„Starcie jedynek” w telewizyjnym studiu. Padły oskarżenia o zdradę i kłamstwa

„Starcie jedynek” w telewizyjnym studiu. Padły oskarżenia o zdradę i kłamstwa

Michał Kołodziejczak i Anna Bryłka
Michał Kołodziejczak i Anna Bryłka Źródło: Newspix.pl / Marcin Banaszkiewicz/Jacek Koślicki/Fotonews
W poniedziałek w studiu Polsat News doszło do „starcia jedynek” Koalicji Obywatelskiej i Konfederacji z okręgu konińskiego. Między Michałem Kołodziejczakiem a Anną Bryłką wywiązała się gorąca dyskusja.

Michał Kołodziejczak wystartuje w zbliżających się wyborach do Sejmu z list Koalicji Obywatelskiej. Lider Agrounii otwiera listę w Koninie. W tym samym okręgu „jedynką” jest Anna Bryłka z Ruchu Narodowego. W poniedziałek kandydaci spotkali się w programie „Gość Wydarzeń” na antenie Polsat News. Między nimi wywiązała się gorąca dyskusja.

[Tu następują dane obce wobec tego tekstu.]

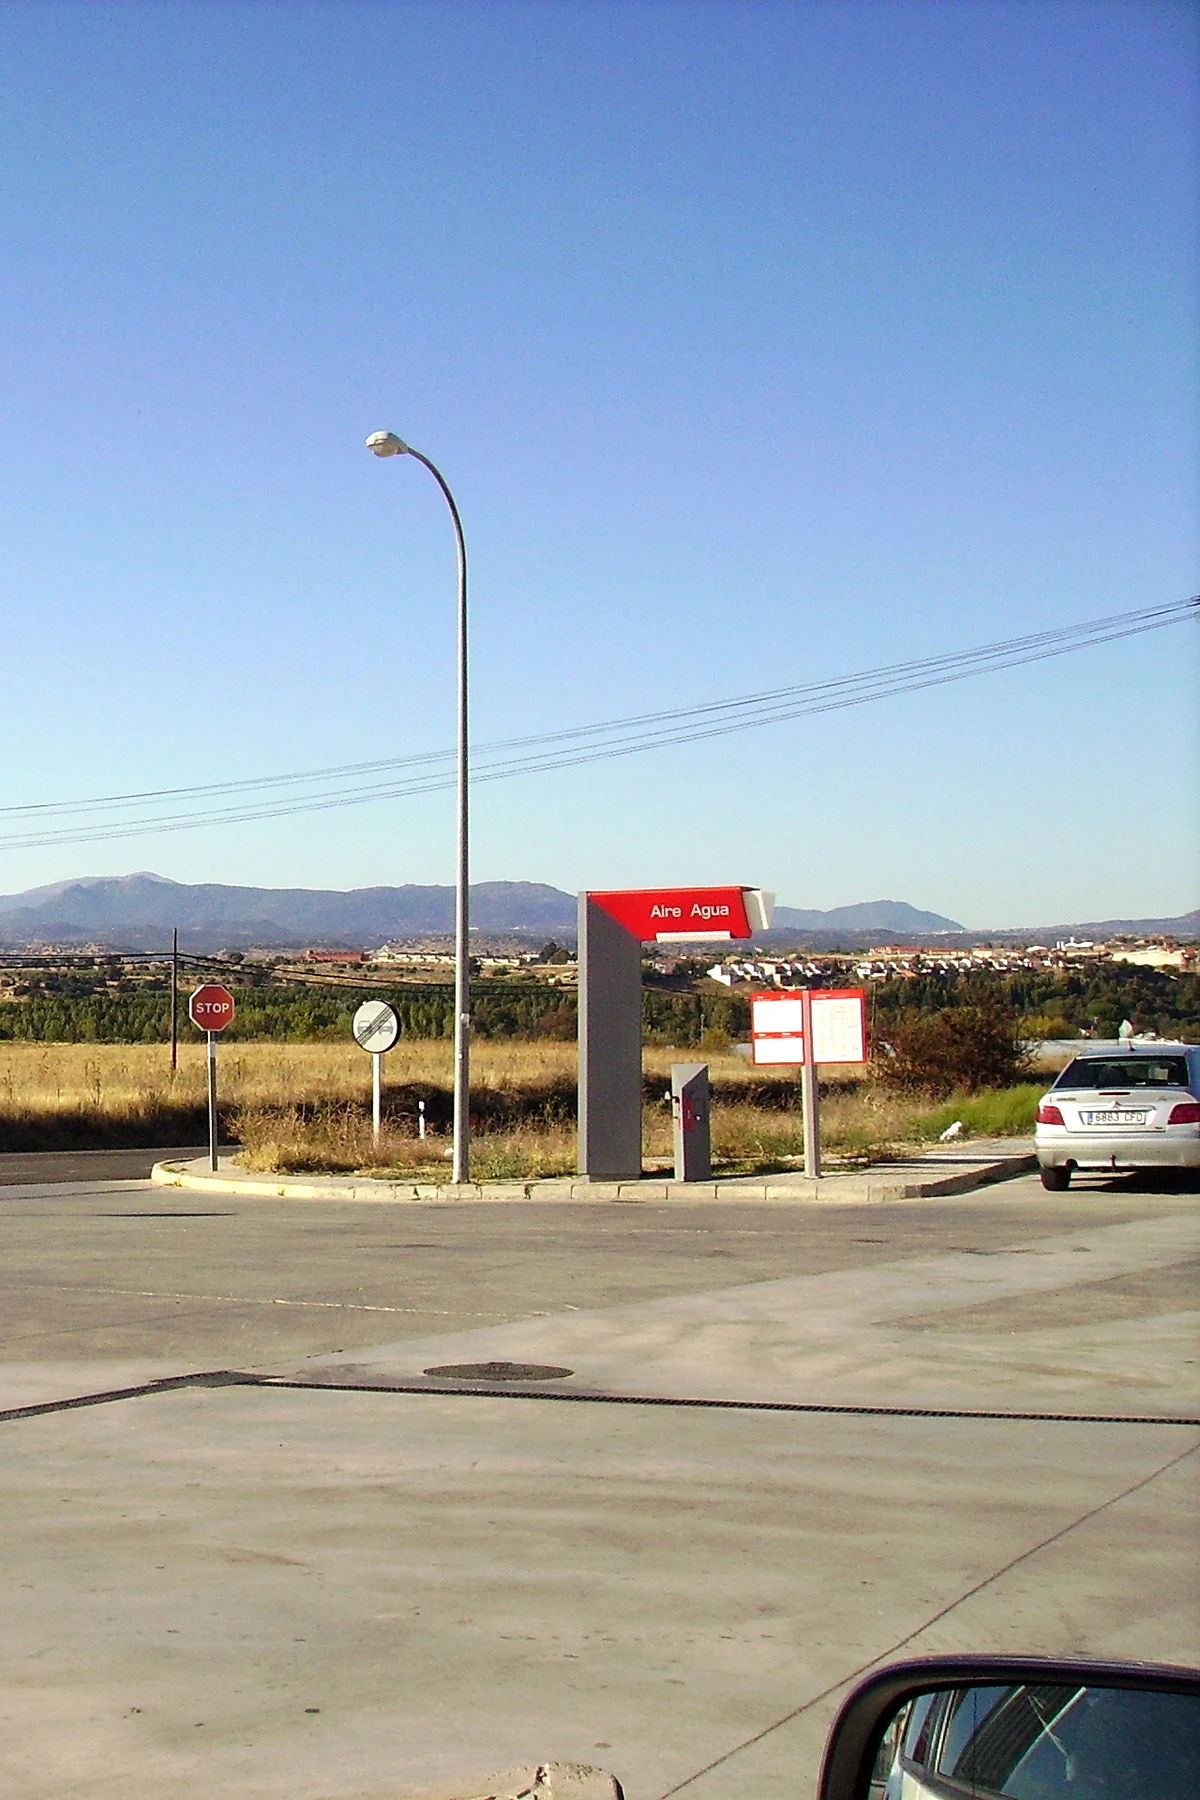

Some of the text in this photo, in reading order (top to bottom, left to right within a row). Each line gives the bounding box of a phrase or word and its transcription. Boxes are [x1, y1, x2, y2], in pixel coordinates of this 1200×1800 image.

[650, 904, 730, 920] Aire Agua
[196, 1002, 229, 1014] STOP

„Stracie jedynek” z Konina

Michał Kołodziejczak bronił obecności Romana Giertycha na listach KO. W niedzielę Donald Tusk zapowiedział, że wystawi mecenasa i byłego wicepremiera z ostatniego miejsca w okręgu świętokrzyskim, gdzie „jedynką” ma być Jarosław Kaczyński.

– Budujemy silną drużynę, która jest różna. Ma być Roman Giertych? Będzie Roman Giertych. Ja załatwiam sprawy, o których mówię od czterech, pięciu lat i to jest dla mnie priorytet – przekonywał lider Agrounii. Z kolei według Bryłki Tusk „realizuje swoją strategię wyciągania różnych kontrowersyjnych nazwisk”.

Bryłka: Kołodziejczak zdradził rolników

Kandydatka Konfederacji zarzuciła Kołodziejczakowi, że  „w aspekcie rolnym realizuje ten sam program co PiS”. Ten z kolei zapewniał, że „pilnuje i będzie pilnował tych spraw, by żaden poseł, czy jest z Lewicy, KO czy gdziekolwiek indziej, nie podniósł ręki za złą ustawą dla polskiego rolnictwa”. – Jestem i będę od tego, by taka ustawa nigdy nie była nawet głosowana – dodał.

– Michał Kołodziejczak zdradził rolników i oszukał polską wieś i to mówią sami rolnicy – oskarżała Bryłka lidera Agrounii. Stwierdziła też, że KO „realizuje antyrolniczy program”.

Kołodziejczak: To są kłamstwa

– Można mieć takie prymitywne, pierwotne podejście do polityki, z którym ja się nie zgadzam. Dziś trzeba przekonywać polityków Platformy, że trzeba zmieniać swoje podejście. To są kłamstwa, o czym pani powiedziała – ripostował Kołodziejczak.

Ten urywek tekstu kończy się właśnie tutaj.